O governo decidiu ontem manter por decreto a redução das tarifas de energia, enquanto estuda a forma de manter a desoneração da folha de pagamento a diversos setores da economia.
O Planalto, portanto, perdeu as esperanças de levar o presidente do Senado, Renan Calheiros, a pôr afinal em votação as respectivas medidas provisórias (MPs), cuja validade expira um minuto antes da meia-noite da próxima segunda-feira.
Havia quem imaginasse que ele poderia ser induzido a mudar de ideia para poupar o Senado da pecha de ir de encontro aos interesses da população e do empresariado.

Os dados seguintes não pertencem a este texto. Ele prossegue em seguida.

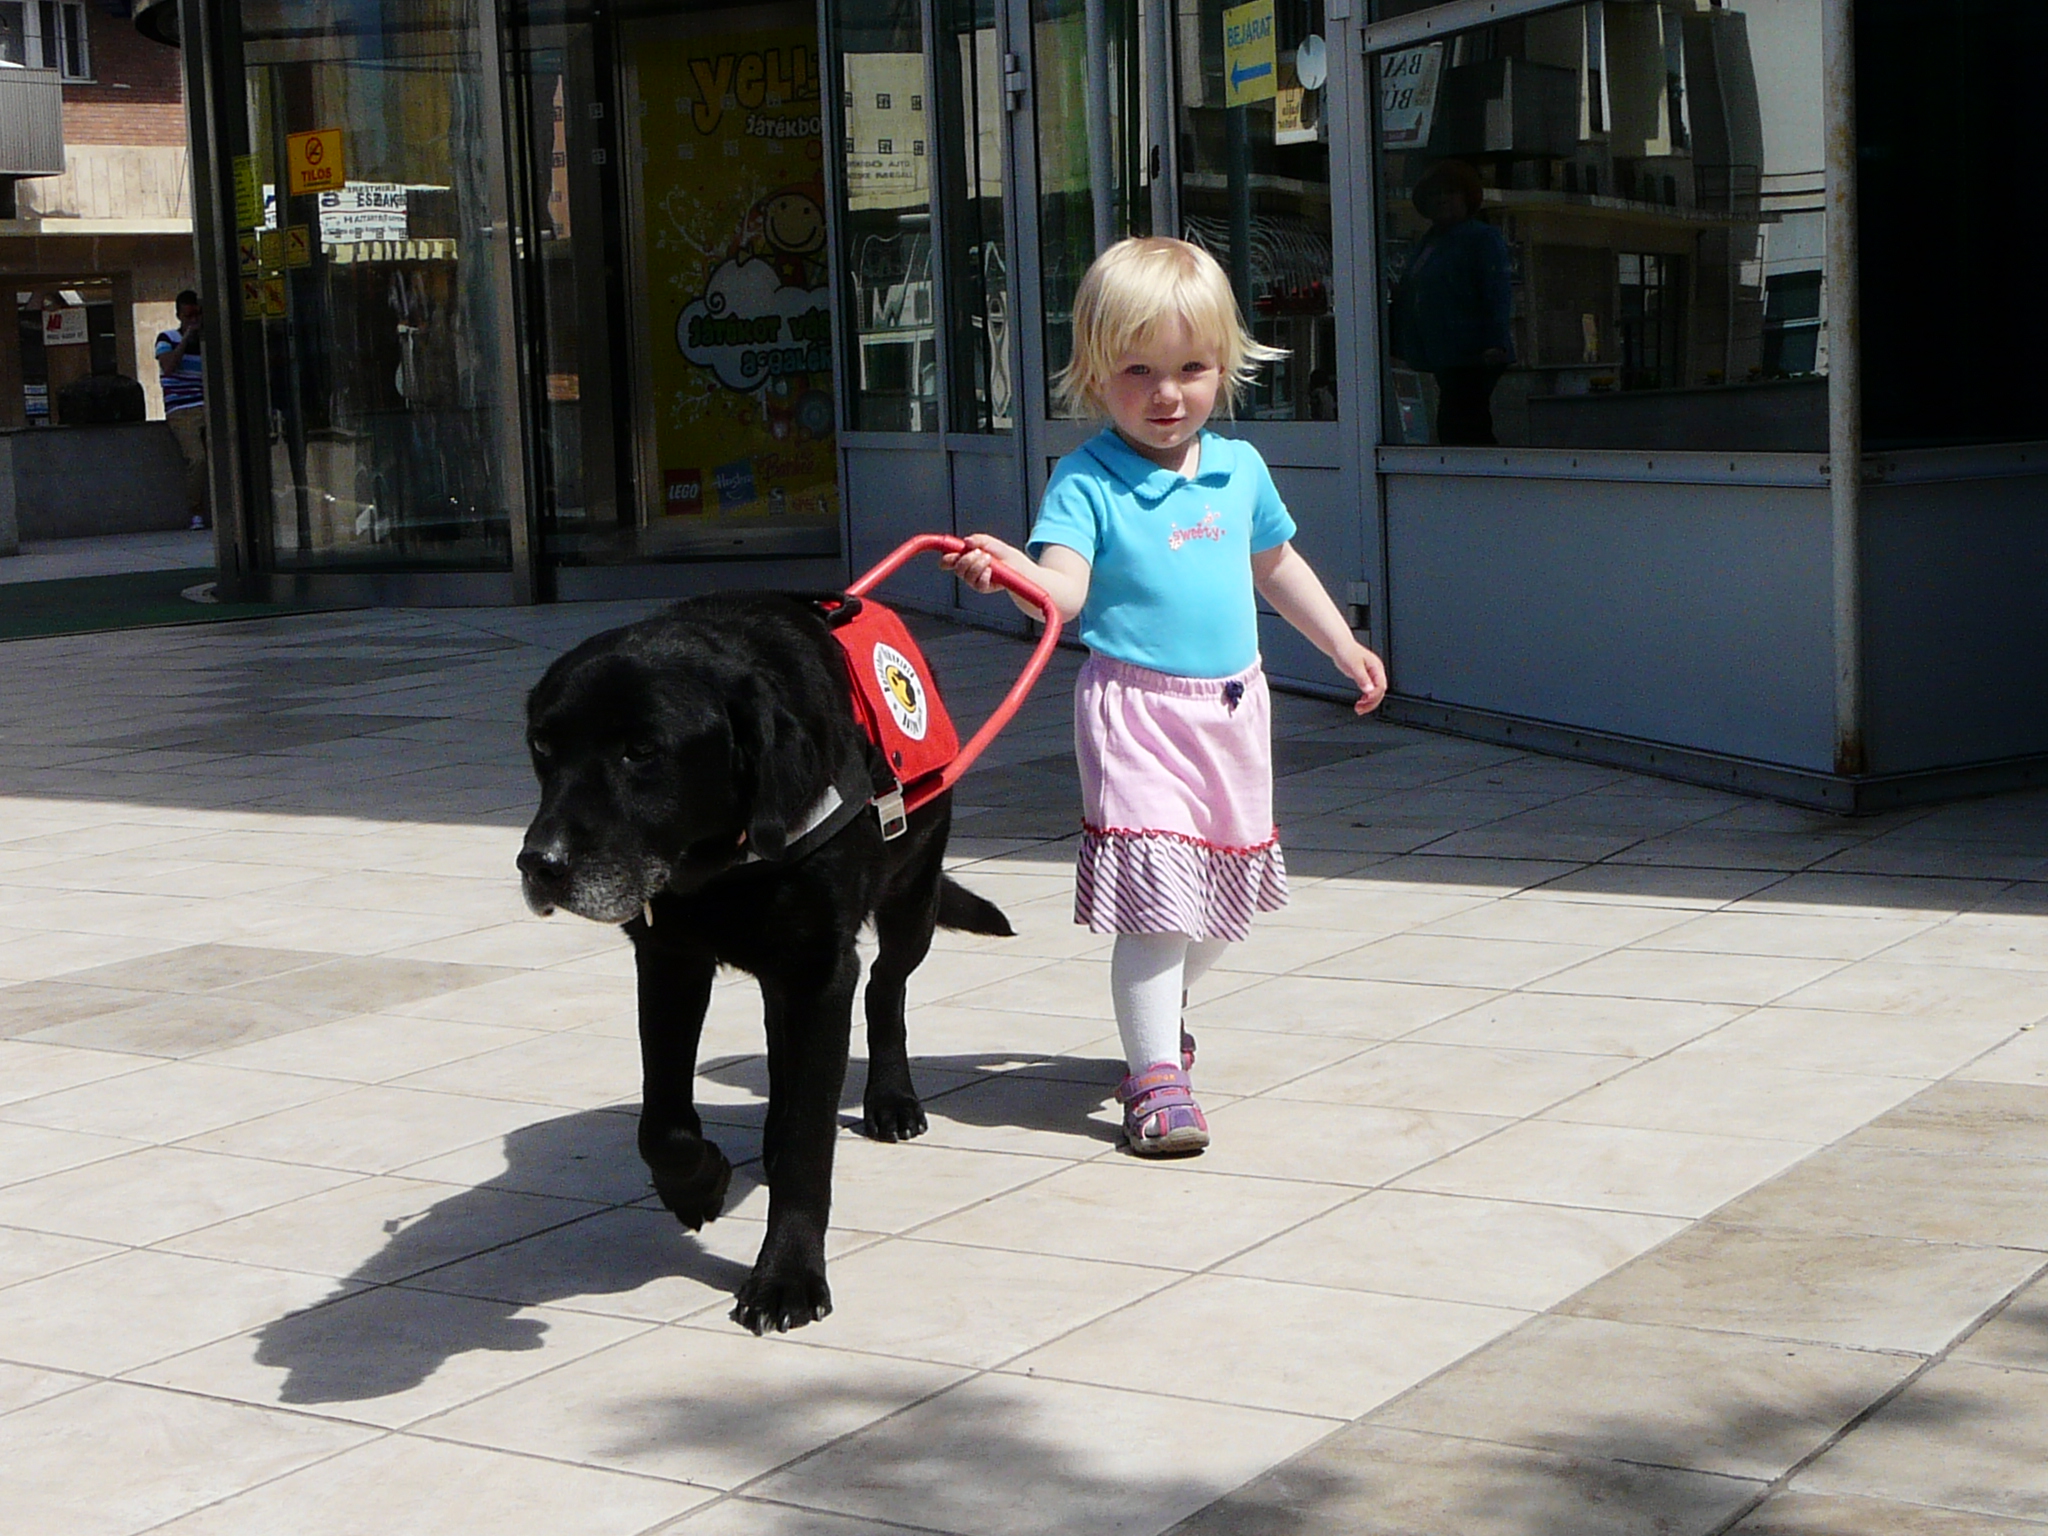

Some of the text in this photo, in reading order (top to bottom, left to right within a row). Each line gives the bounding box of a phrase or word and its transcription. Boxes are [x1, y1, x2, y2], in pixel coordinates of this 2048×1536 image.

O que não muda é a constatação de que a presidente Dilma Rousseff mais uma vez saiu humilhada de um embate no Congresso Nacional. Ela assumiu o Planalto há exatos 2 anos, 4 meses e 30 dias.
E continua tão despreparada a interagir com o Legislativo como ao tomar posse.
O vexame político não surpreende. Duas semanas atrás, quando teve de votar a toque de caixa a Medida Provisória dos Portos, também em vias de caducar, Calheiros prometeu que a partir de então apenas mandaria a plenário as MPs que chegassem ao Senado pelo menos sete dias antes de perder eficácia.
Do contrário – argumentou, coberto de razão – o papel da instituição se limitaria a carimbar e despachar, sem debates nem mudanças, as medidas que a Câmara dos Deputados teve tempo de sobra para discutir, emendar e enfim aprovar.
Para todos os efeitos práticos, a função do Senado, nesses casos, se tornaria meramente homologatória. (Pelas regras atuais, o Congresso tem 120 dias para se pronunciar sobre uma MP. A norma não estabelece prazos específicos para cada Casa.)
O Planalto ou entendeu que a promessa de Calheiros não passava de uma bravata ou foi espetacularmente incapaz de agir de acordo. E isso, estando em jogo duas matérias da mais alta importância para a presidente. A MP 601, a da desoneração, foi emitida em dezembro passado.
Inclui, entre outras provisões destinadas a aquecer a economia, a prorrogação do Programa Reintegra, que devolve aos exportadores até 3% dos tributos que tiverem pago. A MP 605, a das contas de luz, data de janeiro – e deu ensejo ao primeiro comício reeleitoral de Dilma, disfarçado de pronunciamento oficial em rede nacional.
O texto remaneja recursos federais de modo a assegurar reduções tarifárias de 18% para consumidores residenciais e de até 32% para a indústria. Juntas, as MPs representam para o setor produtivo um alívio da ordem de R$ 8,3 bilhões – e um incentivo para o voto em Dilma no ano que vem.
Com tantas fichas em jogo, o governo não soube mobilizar o comando da Câmara e as lideranças da base aliada para que as medidas fossem votadas com a presteza necessária, a fim de não correrem o risco de morrer na praia do Senado.
Mas o fiasco supremo do Planalto foi não conseguir a aprovação das matérias – e o seu envio à outra Casa – nem mesmo na segunda-feira, quando terminava a contagem regressiva para atender à demanda de Calheiros.
Só no dia seguinte a Câmara terminou de fazer a sua parte. Tarde demais para o cronograma do presidente do Senado. Ele apenas entreabriu uma fresta: caso as lideranças partidárias, sem exceção, aceitassem votar as MPs a tempo de salvá-las, abriria mão de sua exigência. A oposição, representada pelo PSDB, DEM e PSOL, disse não. Talvez possa ser pressionada a ceder.
O governo perdeu o prazo segunda-feira porque a ministra da Casa Civil, Gleisi Hoffmann, e sua colega Ideli Salvatti, das Relações Institucionais, deram um show de bate-cabeça que elevou ao suprassumo a já notória descoordenação política da presidência Dilma.
O que emperrava a votação era o destino do projeto de lei complementar que extingue a multa adicional de 10% sobre o saldo do FGTS dos empregados demitidos sem justa causa.
A facada acrescenta R$ 3,2 bilhões aos cofres da União, e a ministra política trabalhava com a posição da Casa Civil, segundo a qual a proposta era inegociável – quando já estava sendo negociada. (Irá a plenário em 3 de julho.) Alheia à novidade, Ideli não pôde usá-la para dobrar a resistência de partidos da própria base na Câmara a votar as MPs.
A sessão caiu e o respeito dos políticos pela presidente, também.